Donde sólo hay un protagonista …y los demás somos la marmota, esperando que nos agarren

Es interesante el tema de los egos que nos ha tocado como país

También eso es interesante, la vanidad como motor de la historia, digamos que en el caso  venezolano , Chávez es la historia de una gran vanidad, desde 1998 hasta la muerte.

Ademas inflada por la misma sociedad, más allá del caso narcisista propio

y además un estado puesto a alimentar esa vanidad, todo gira en torno a eso

Muchas veces jóvenes que tienen talento, los he visto, que la misma sociedad los enferma, inflándolos  y cuando tú te lo crees pierdeses posible que a cierta edad no tienes la herramienta para defenderte de los ataques de la adulación y la vanidad, el ejemplo mayor fue como montaron al gran supremo. 

pero, ¿cómo te manejas tú con el ego?

Trato de estar atento, no se si por disciplina o porque, pero yo creo que el ego mata la creatividad, digamos que atenta contra el desarrollo creativo de uno, y trato de combatirlo, bueno todos tenemos ego. Decía el escritor Igor Barreto “los escritores somos vanidosos desde los griegos” pero yo creo que es una cosa donde uno tiene que estar muy atento todo el tiempo. Eso se puede medir muy bien en las redes sociales que son una buena ventana para medir el ego.

Si partimos desde el plano de Italo Calvino y sus ciudades invisibles, ¿qué es Caracas para ti?

Yo te digo sinceramente, yo ya no creo que maneje o que sepa que es Caracas, o la Caracas de hoy, yo tengo una Caracas que viví y que controlaba como mi ciudad y más que la conocía de punta a punta, ahora no solo que no la conozco sino que hace años que no voy a algunos espacios,  por ejemplo cuando Jorge Rodriguez dice: “ustedes no van a venir para acá” habla a los otros como si fueran unos invasores  y uno empieza a sentir que si cruzas un territorio estas invadiendo otro, hay una especie de atomización de la ciudad y por criterios políticos, donde decide el poder y no uno, en ese sentido a eso hay que sumarle el miedo y  la inseguridad. La Caracas de hoy para mí es una ciudad desconocida, cosa que no me agrada y me duele. Todos hablamos muy bien de Caracas, cuando pensamos que Caracas es una ventana que da al Avila, pero Caracas no es solo eso, hay una representación, que funciona como un sacramento y es tener esa imagen maravillosa, pero la ciudad como cotidiana que yo digo ¿desde hace cuanto no voy al mercado de Guaicaipuro?, yo vivía en el centro, esa ciudad me pertenece , no me pertenece, la ciudad es el gran territorio de la desconfianza .

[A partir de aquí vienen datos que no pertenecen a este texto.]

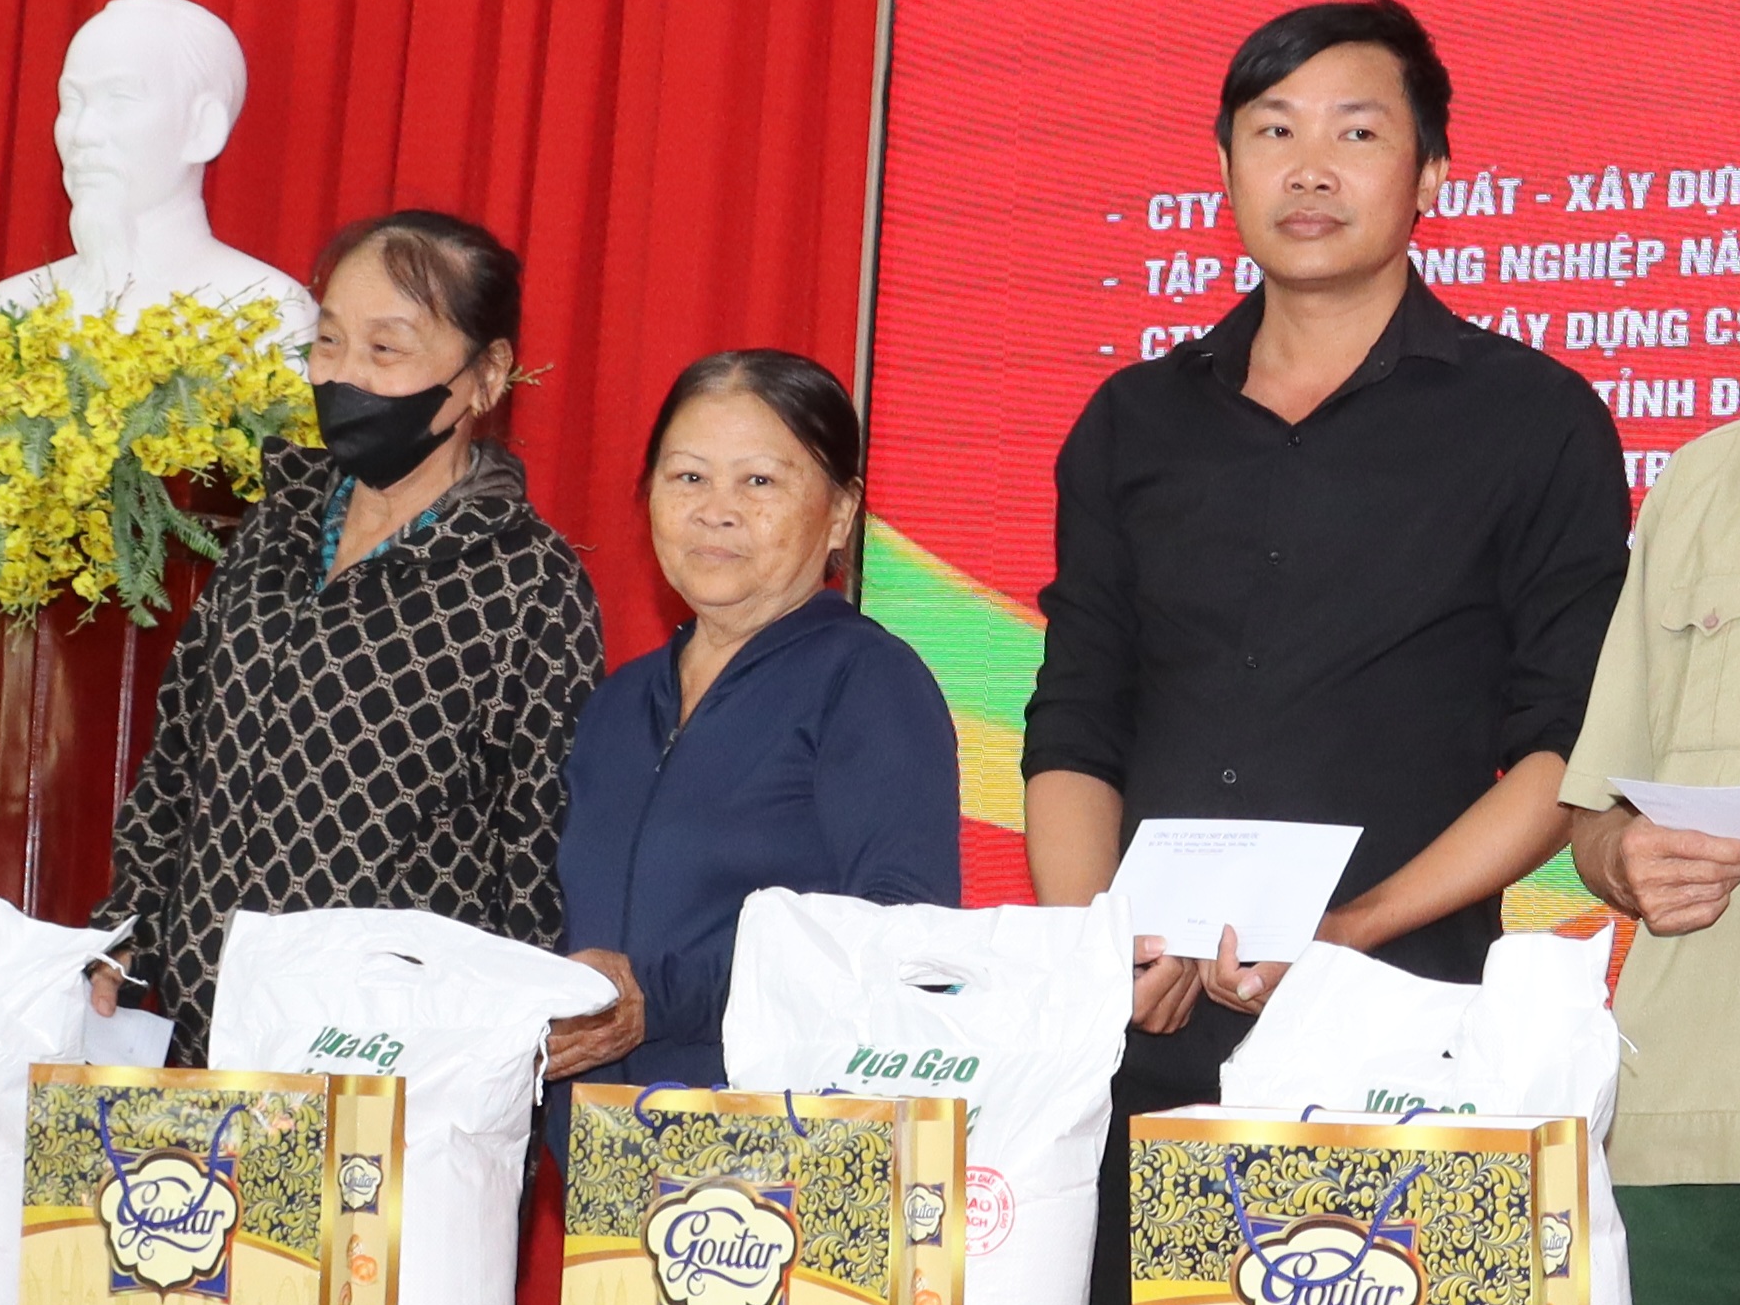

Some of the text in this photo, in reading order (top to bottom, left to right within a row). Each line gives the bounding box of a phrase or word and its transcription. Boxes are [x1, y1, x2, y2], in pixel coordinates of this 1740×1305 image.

A mí me tocó dibujar la destrucción de un país , si me lo hubieran dicho no lo hubiera creído ni lo habría aceptado en esa pauta diaria. Si te toca escribir ese final país , ¿cómo sería?

Yo pienso que el optimismo es irracional, no tengo un optimismo que es a prueba de todo, pero yo no puedo pensar el final de la historia sino de una buena manera, yo lo pienso con optimismo y además creo que lo voy a ver, y que todos podemos aportar en eso, pienso que es posible una reconciliación, que pasa por una gran cantidad de procesos que a veces son más sencillos de lo que uno cree , el reconocimiento del otro que es una cosa tan aparentemente simple, me parece que es fundamental en una sociedad que lleva 17 años deslegítimando la existencia del otro. Quien sabe si nuestra propia sociedad nos sorprende con mostrar una base de aceptación del otro y ahí yo sí creo que hay una genética venezolana muy buena para eso, para que podamos reconstruir un tejido cultural , un ánimo colectivo y un sentido de verdad nuevo entre nosotros y eso pasa en los procesos humanos. Yo creo en eso.

Bueno, yo creo que esa novela se va a vender muy bien querido Alberto.